Court Appearances and the Importance of Documentation for Foster Parents
Filed Under: Foster Adoption



Foster parents are sometimes required to testify in court. This was never mentioned during all the hours of education and training I've had to undergo to get and maintain my foster parent license. It's not that there is any special technique that foster parents need to know, or specific protocols that need to be followed, but I've discovered there are a few things a foster parent can do to make the most of court appearances.

Depending on the facts of the case and on the judge, foster parents might make somewhat regular appearances. For my first six foster children, I was never required to physically appear in court. I had to write several letters to the court for one child, stating my opinions as his caregiver, but those were delivered by the child's case manager. However, for my two current foster children (a half brother and sister who are part of a larger sibling group), I've had to attend several hearings, including two for termination of parental rights. Foster parents' observations are valuable, and they should expect to be involved in representing the interests of their foster children.

I've always tried to keep a good record of important events in my foster children's lives. As the frequency of my required court appearances increased, I learned how important it is to write EVERYTHING down. No matter how silly it might seem at the time, having a record of how your foster child acted after returning from visitations, when he started having nightmares, what birthday presents he did (or didn't) receive from his father, and how often you took him to visit his grandmother outside of the pre-arranged visits could all come in handy later. I document a lot of that information in e-mails to the children's case managers and guardian ad litem. I try to send a “weekly update” e-mail to everyone who might be interested; even if there is nothing important to report, I let everyone know that the kids are doing well.

I also keep every scrap of paper that has anything to do with the foster children: medical records, school papers, and reports from therapists. In the case of foster children, it's better to have too much information than not enough. I've been asked to provide information to the children's case manager, guardian ad litem, and even the court countless time. I was once asked to bring copies of all of my foster daughter's medical records to a court hearing, and it was so nice to know that I had everything in one place, ready to go.

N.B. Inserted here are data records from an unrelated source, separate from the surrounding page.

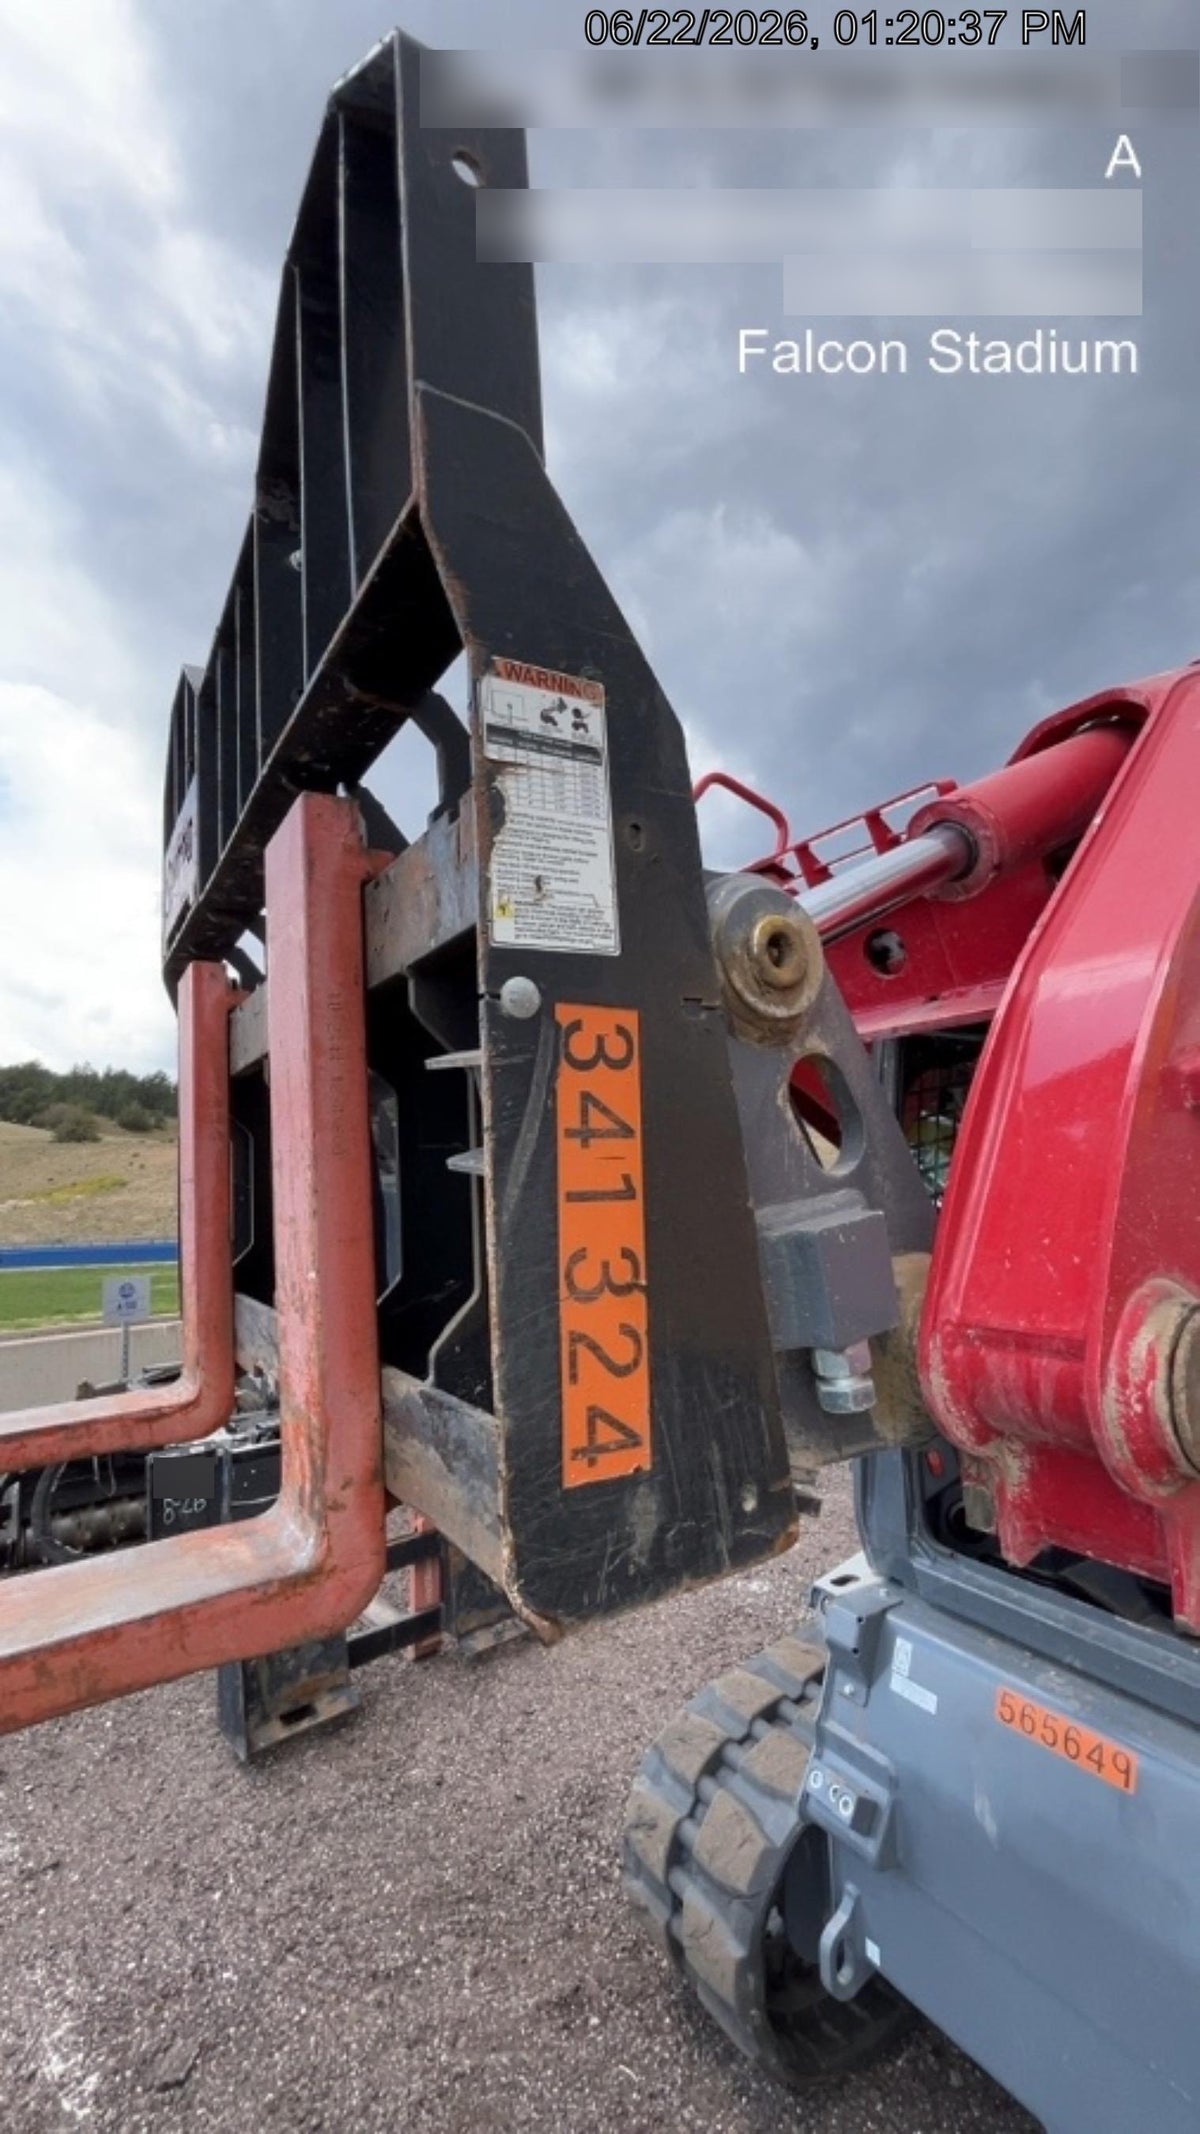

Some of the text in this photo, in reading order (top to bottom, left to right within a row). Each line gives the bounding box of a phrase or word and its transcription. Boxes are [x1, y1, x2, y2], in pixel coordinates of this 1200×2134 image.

[503, 661, 600, 701] WARNING
[562, 1018, 645, 1468] 341324
[998, 1690, 1131, 1789] 565649
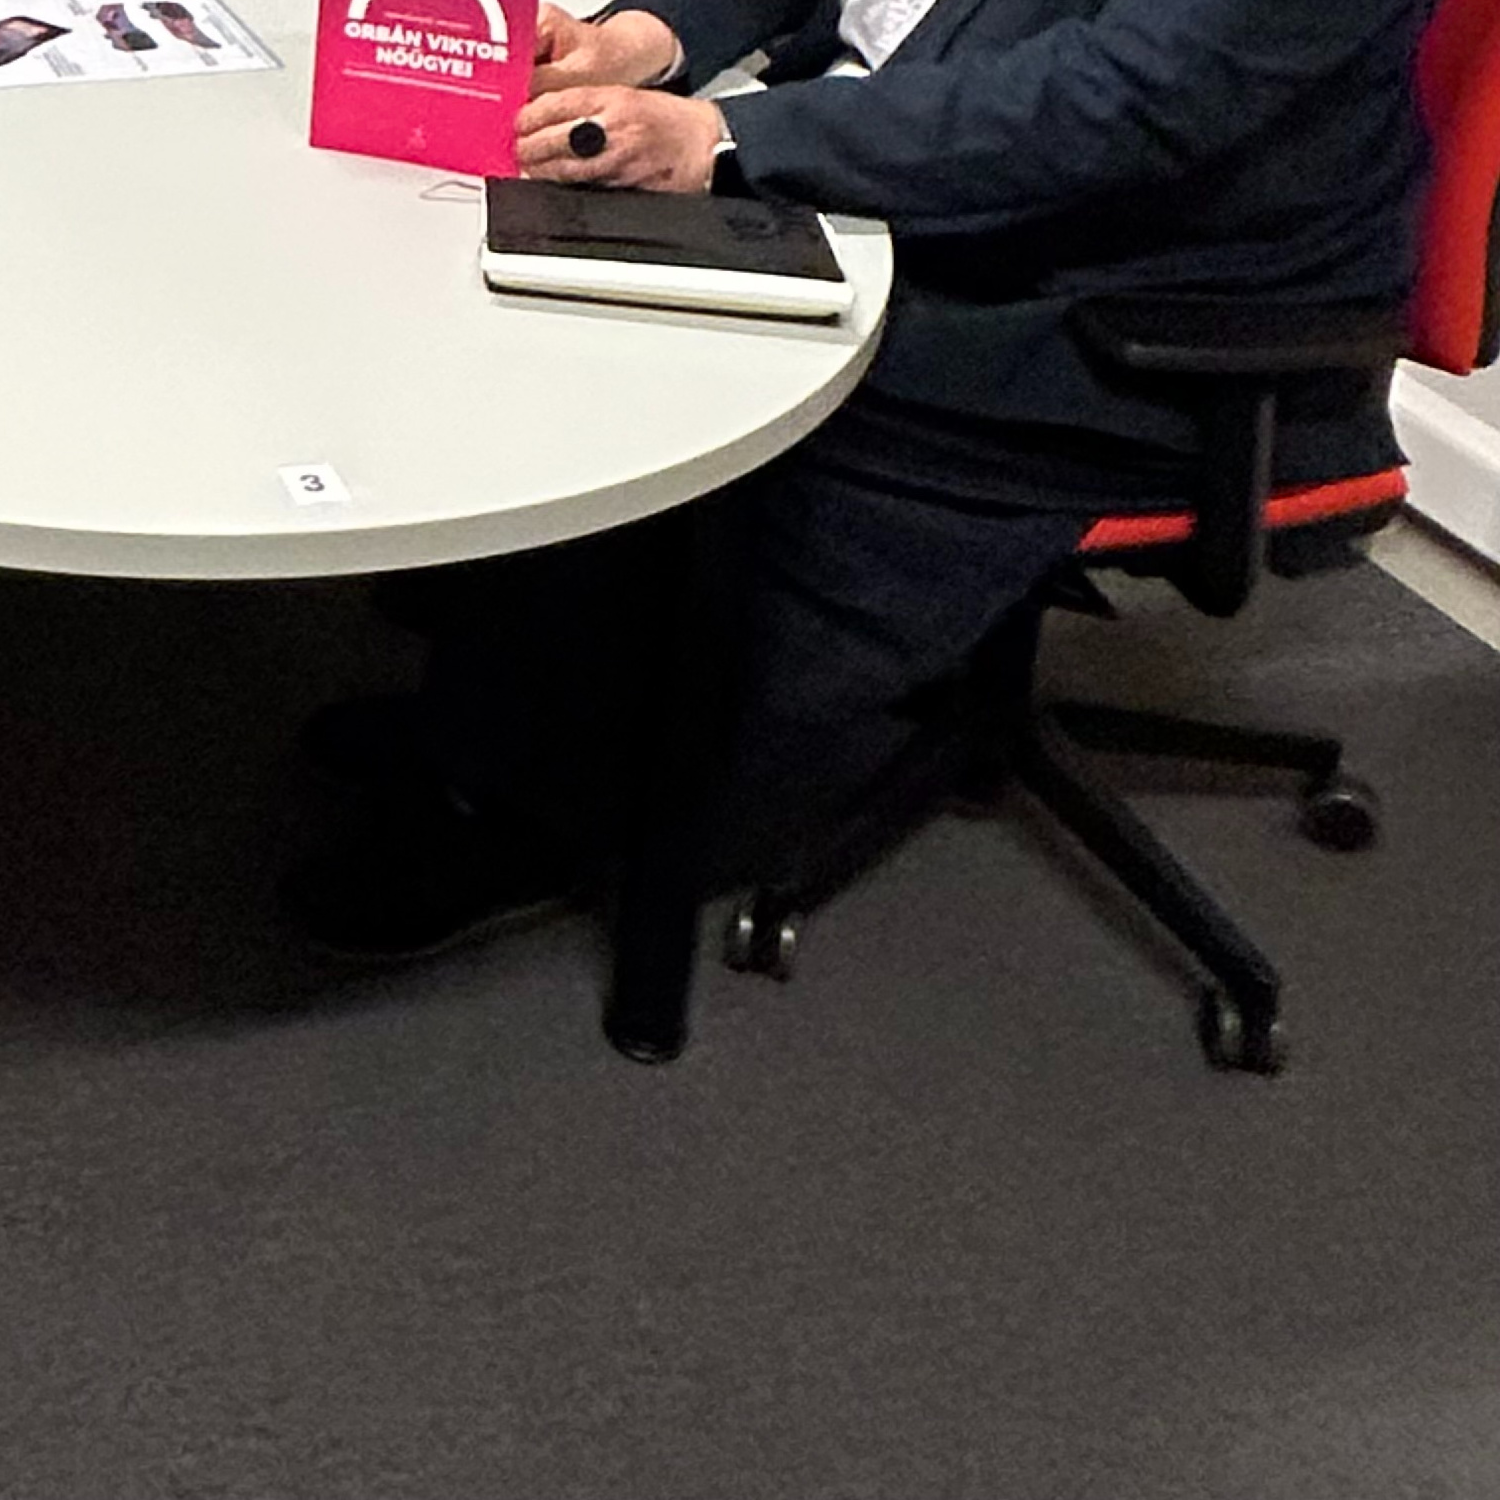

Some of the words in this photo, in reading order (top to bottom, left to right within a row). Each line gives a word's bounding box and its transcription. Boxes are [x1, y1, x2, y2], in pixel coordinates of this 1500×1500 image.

[344, 22, 422, 47] ORBÁN
[426, 33, 508, 62] VIKTOR
[299, 474, 325, 492] 3
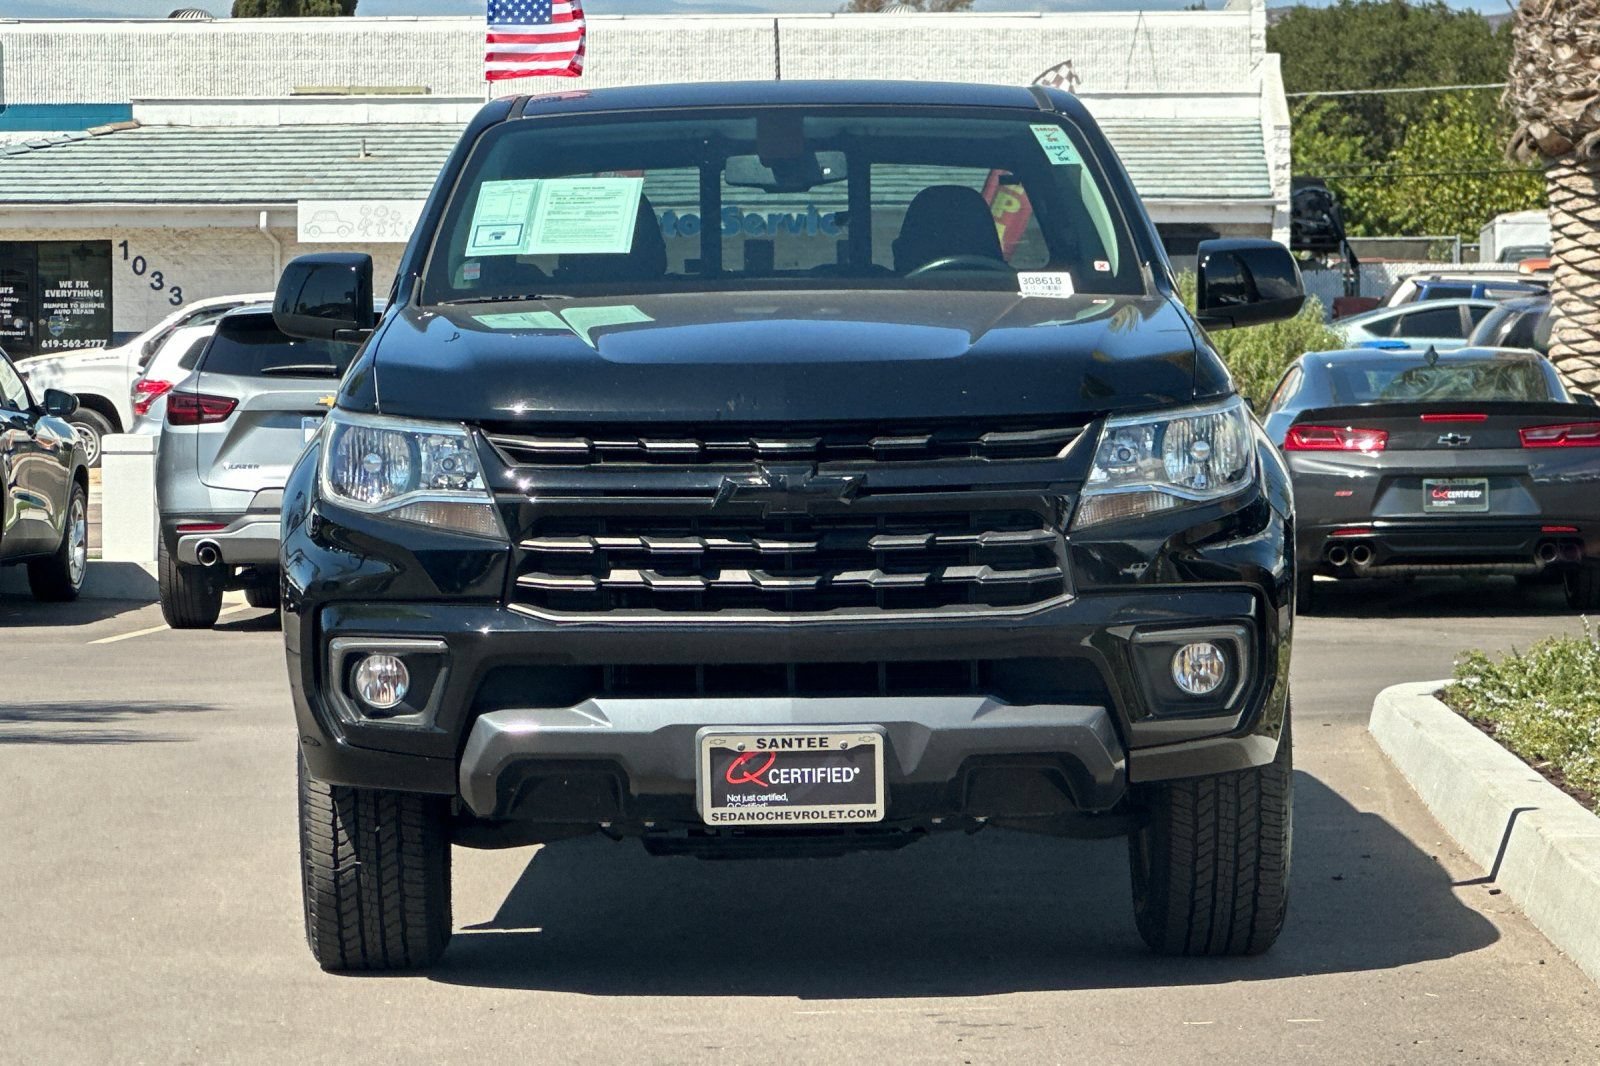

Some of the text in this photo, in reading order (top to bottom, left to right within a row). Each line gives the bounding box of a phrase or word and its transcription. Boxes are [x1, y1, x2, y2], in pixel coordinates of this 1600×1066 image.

[660, 208, 701, 238] to
[720, 203, 845, 238] Servic
[118, 240, 184, 306] 1033
[44, 290, 104, 298] EVERYTHING!
[41, 340, 107, 348] 619-562-2777
[756, 737, 829, 749] SANTEE
[726, 792, 789, 803] Not just certified,
[711, 809, 878, 822] SEDANOCHEVROLET.COM
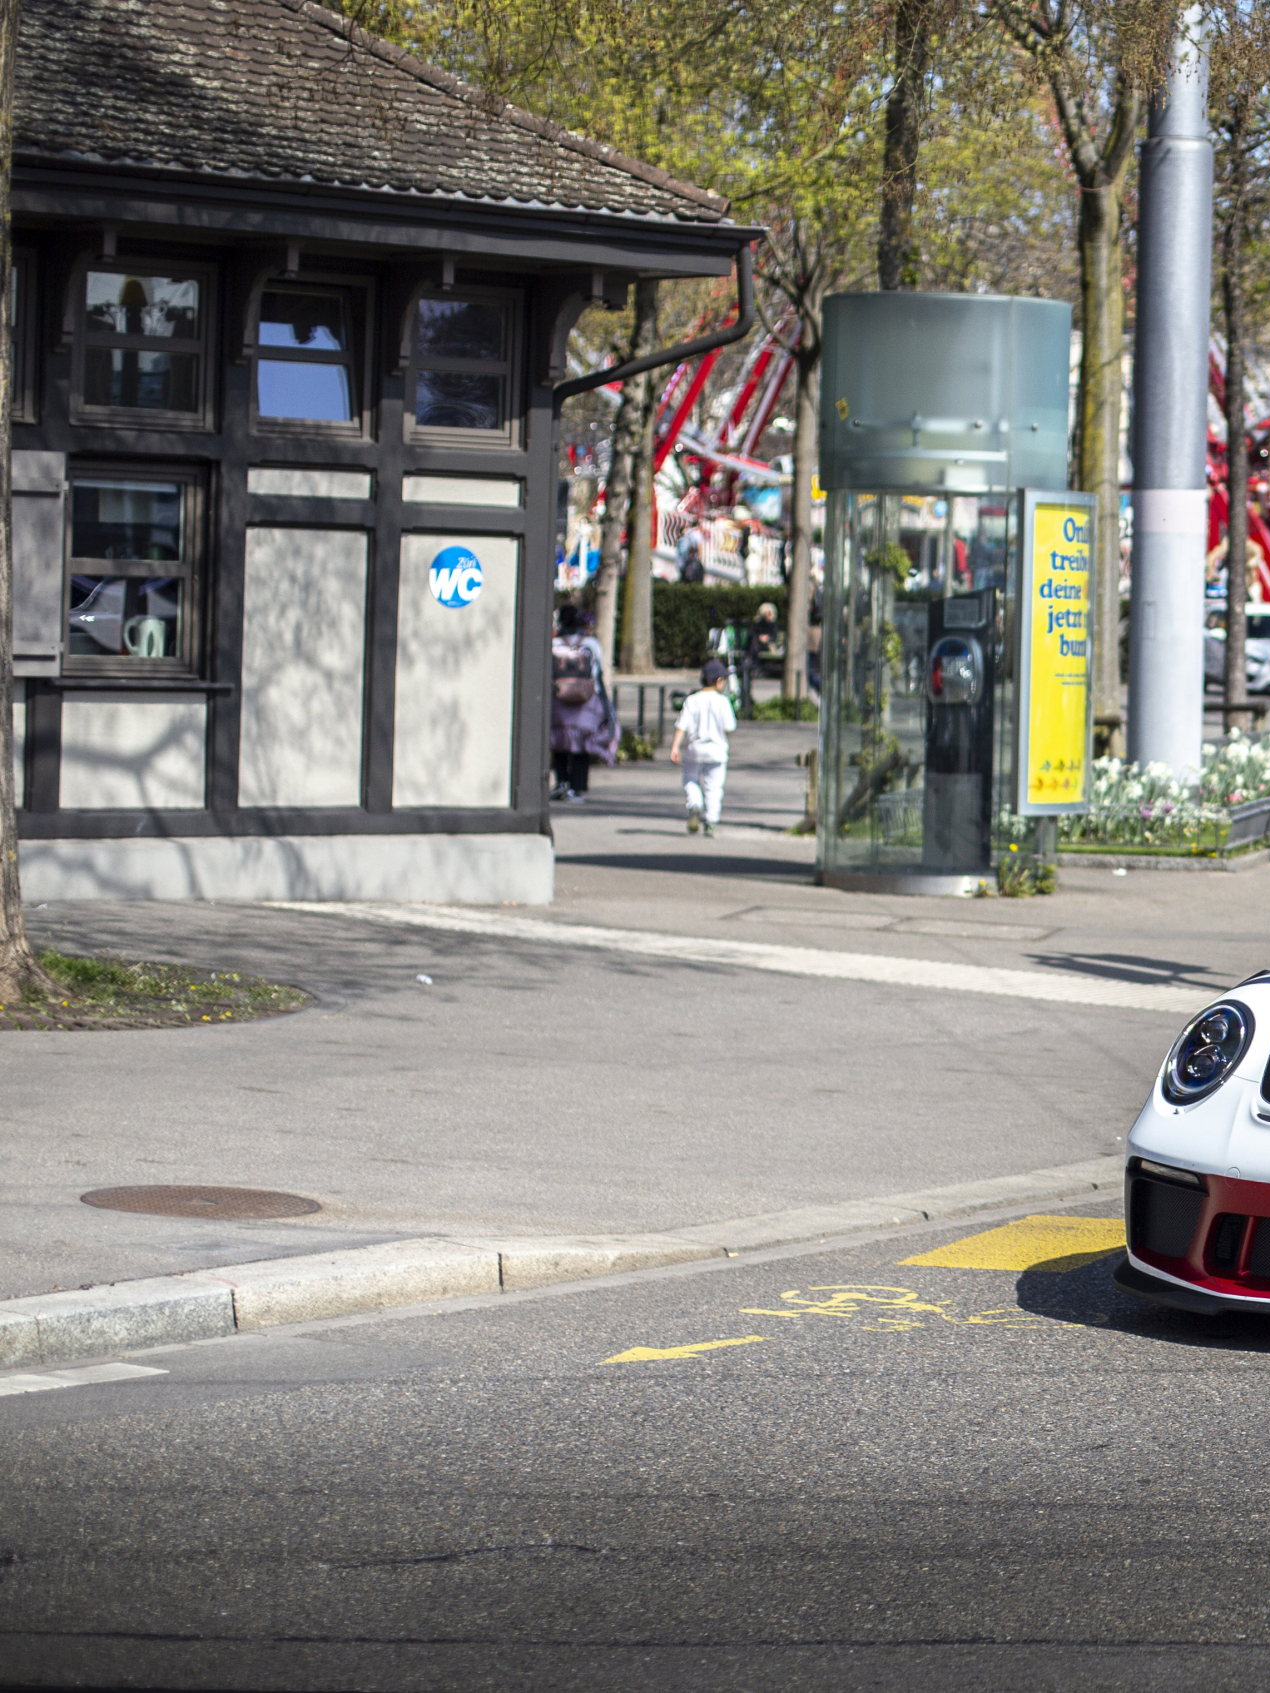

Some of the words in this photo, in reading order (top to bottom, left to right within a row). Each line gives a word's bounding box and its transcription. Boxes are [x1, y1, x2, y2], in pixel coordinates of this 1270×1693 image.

It's been my experience that the court is less interested in my opinions about the child or the child's parents than in having me report provable facts. Were my foster daughter's immunizations up to date when she was placed in my home? How often does my foster son attend speech therapy and what kind of progress has he made since being placed in care? How do the children act after returning home from a visitation with their biological mother? The more information I have written down or filed, the easier it is for me to answer these questions. I always skim through my notes before I attend a hearing, just to make sure that I have everything fresh in my mind.

For the foster parent, court hearings may be opportunities to gain new information. Case managers get busy and might not remember to tell the foster parents every new development in the child's case. The case manager might omit mentioning something not out of neglect but because it simply doesn't seem important. For example, I heard something at one of the termination of parental rights hearings that seemed to everyone else like an inconsequential detail of an event that happened a long time ago, but for me, one of my foster son's strange behaviors suddenly made perfect sense. If I hadn't sat through the hearing, I'd have never understood what was bothering my foster son.

An important part of being a foster parent is advocating for the child. Foster children need their best interests represented not only at school or at the doctor's office, but in the courtroom, as well. Keeping good records for my foster children and being willing to testify about that information is an essential part of what I do as a foster parent.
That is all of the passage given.